*Text-to-region grounding data*

------

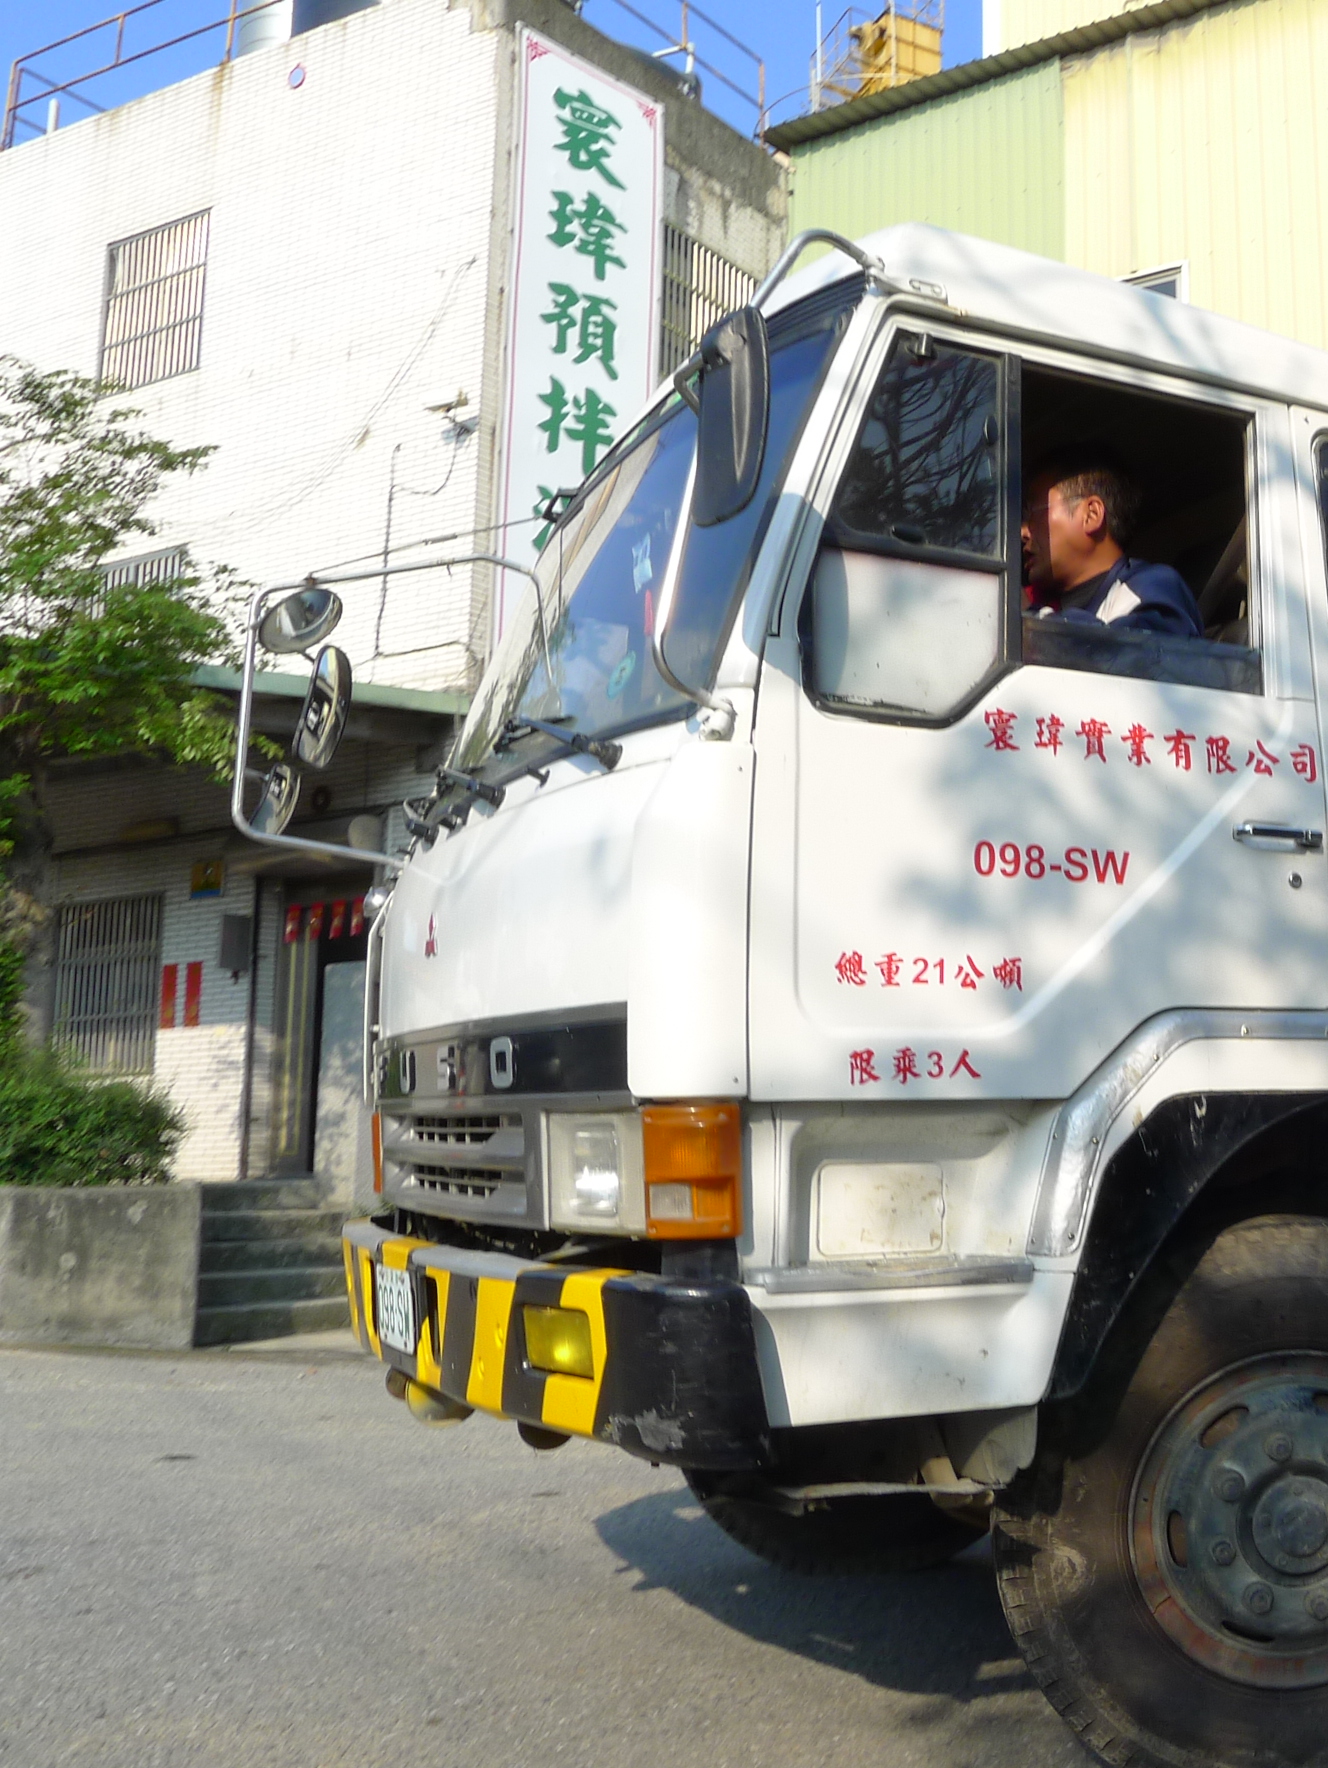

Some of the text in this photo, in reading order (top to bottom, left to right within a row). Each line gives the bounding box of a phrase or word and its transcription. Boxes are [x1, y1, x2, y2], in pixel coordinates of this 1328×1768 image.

[983, 707, 1319, 784] 寰瑋實業有限公司
[973, 840, 1130, 886] 098-SW
[834, 950, 1024, 992] 總重21公噸
[380, 1036, 515, 1095] USO
[849, 1046, 982, 1086] 限乘3人

------

*Work required*
The response has to be an exact copy of all the data, pictures excluded.

*Your response*
Some of the text in this photo, in reading order (top to bottom, left to right within a row). Each line gives the bounding box of a phrase or word and its transcription. Boxes are [x1, y1, x2, y2], in pixel coordinates of this 1328×1768 image.

[983, 707, 1319, 784] 寰瑋實業有限公司
[973, 840, 1130, 886] 098-SW
[834, 950, 1024, 992] 總重21公噸
[380, 1036, 515, 1095] USO
[849, 1046, 982, 1086] 限乘3人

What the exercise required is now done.